In questi giorni la testata Newsweek [1] ha portato alla luce i risultati di due anni di indagini che hanno esplorato alcuni impressionanti retroscena del Pentagono. Nello specifico, il giornale è riuscito a dipingere uno spaccato delle operazioni occulte che cadono in seno al Dipartimento della Difesa statunitense, evidenziando con una certa brutalità quanto il sistema di controllo a stelle e strisce sia a suo agio con l’aggirare quelle stesse regole che vorrebbe imporre alle altre nazioni.
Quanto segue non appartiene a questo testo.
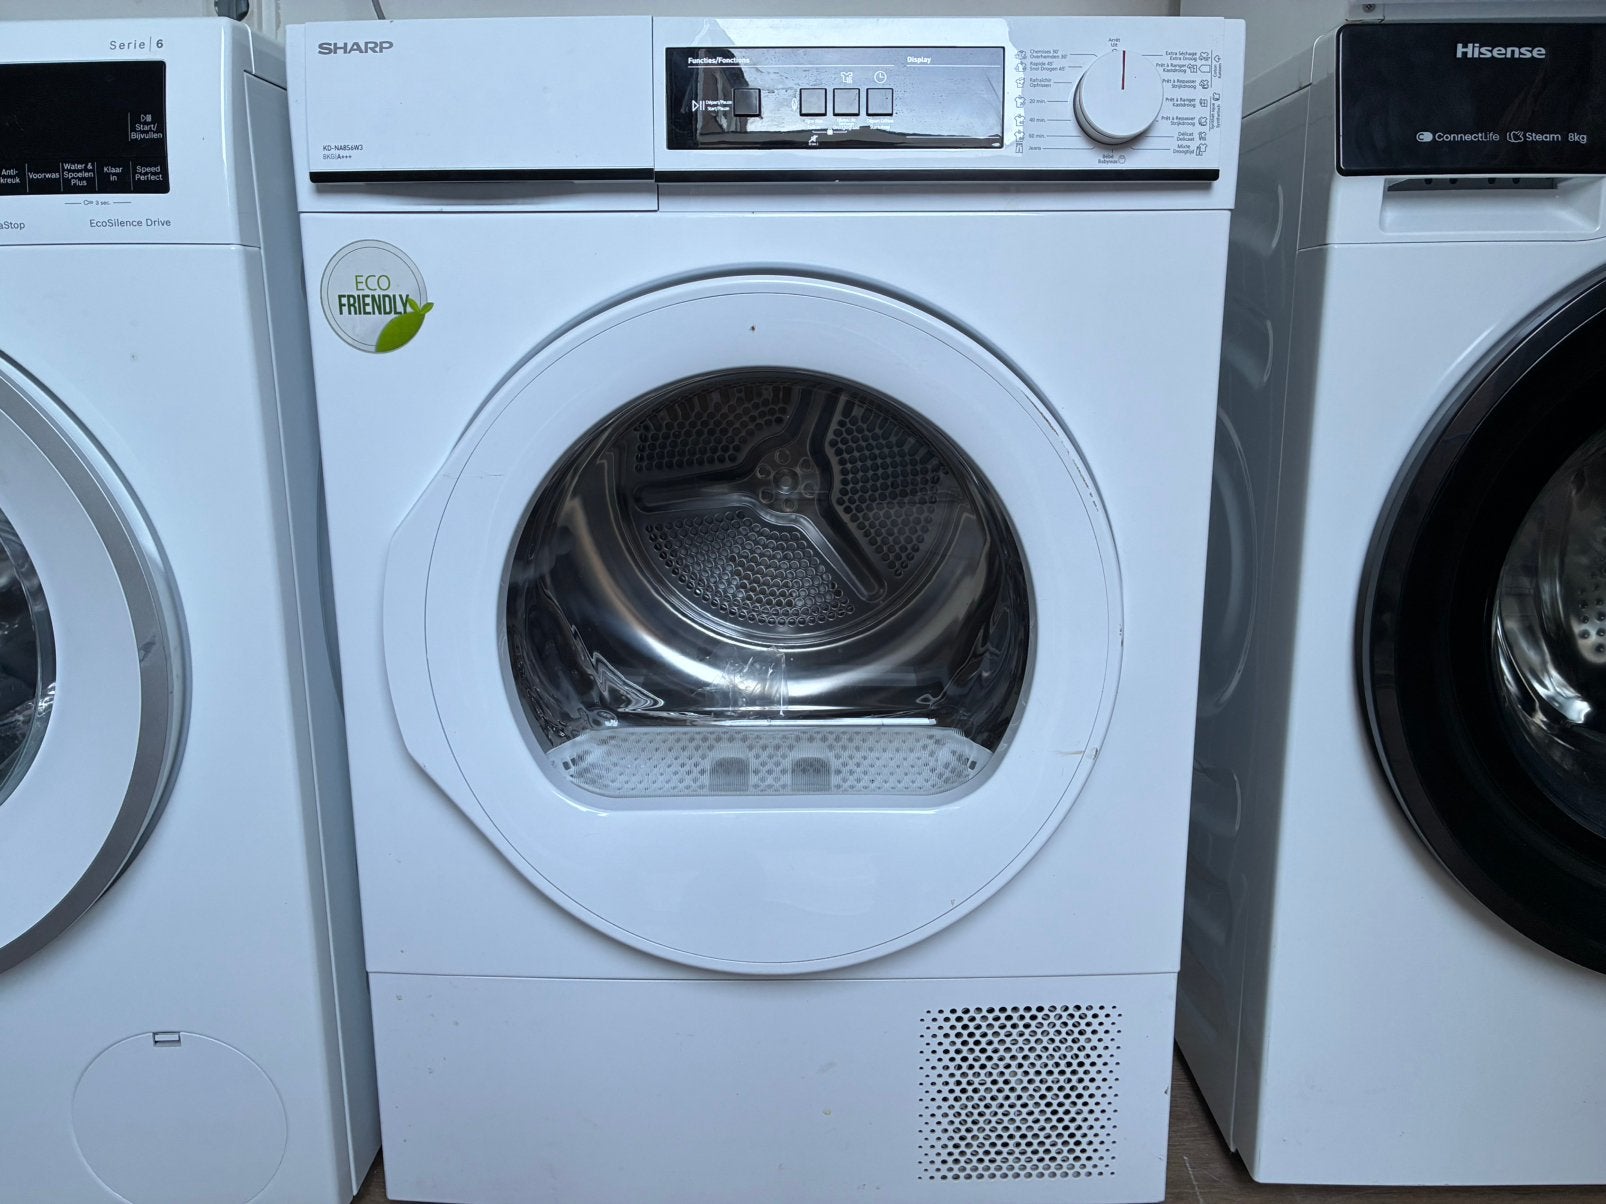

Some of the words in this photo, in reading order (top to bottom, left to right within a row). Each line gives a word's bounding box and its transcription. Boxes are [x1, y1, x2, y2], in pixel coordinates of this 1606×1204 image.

A impressionare non è tanto il fatto che esistano manovre sottobanco – quello è scontato -, piuttosto la loro portata: il rapporto pubblicato stima che l’“armata segreta” sia composta da almeno 60.000 collaboratori, una mole umana che supera di decine di volte le dimensioni degli operatori clandestini che sono a disposizione della CIA. Anche messa così, si tratta di una stima per difetto, visto che ovviamente non esiste alcuna traccia formale dell’esistenza del programma – noto informalmente come “signature reduction” – e che molte di queste strategie vengano subappaltate ad aziende private che ben si guardano dallo scoprire le proprie carte.

Contratti classificati da 900 milioni di dollari all’anno sarebbero infatti siglati con circa 130 ditte che si preoccuperebbero in prima persona di intavolare manovre che violano le leggi nazionali, i codici di condotta militari e le Convenzioni di Ginevra. Circa la metà di queste si occuperebbe del gestire i famigerati “contractors” militari, ovvero coloro che un tempo venivano più opportunamente etichettati come “mercenari”; soldati ombra e personale sotto copertura che si fa pochi problemi a intervenire abusivamente nelle aree critiche del mondo, soprattutto in Medio Oriente e in Africa, ma anche nella Corea del Nord.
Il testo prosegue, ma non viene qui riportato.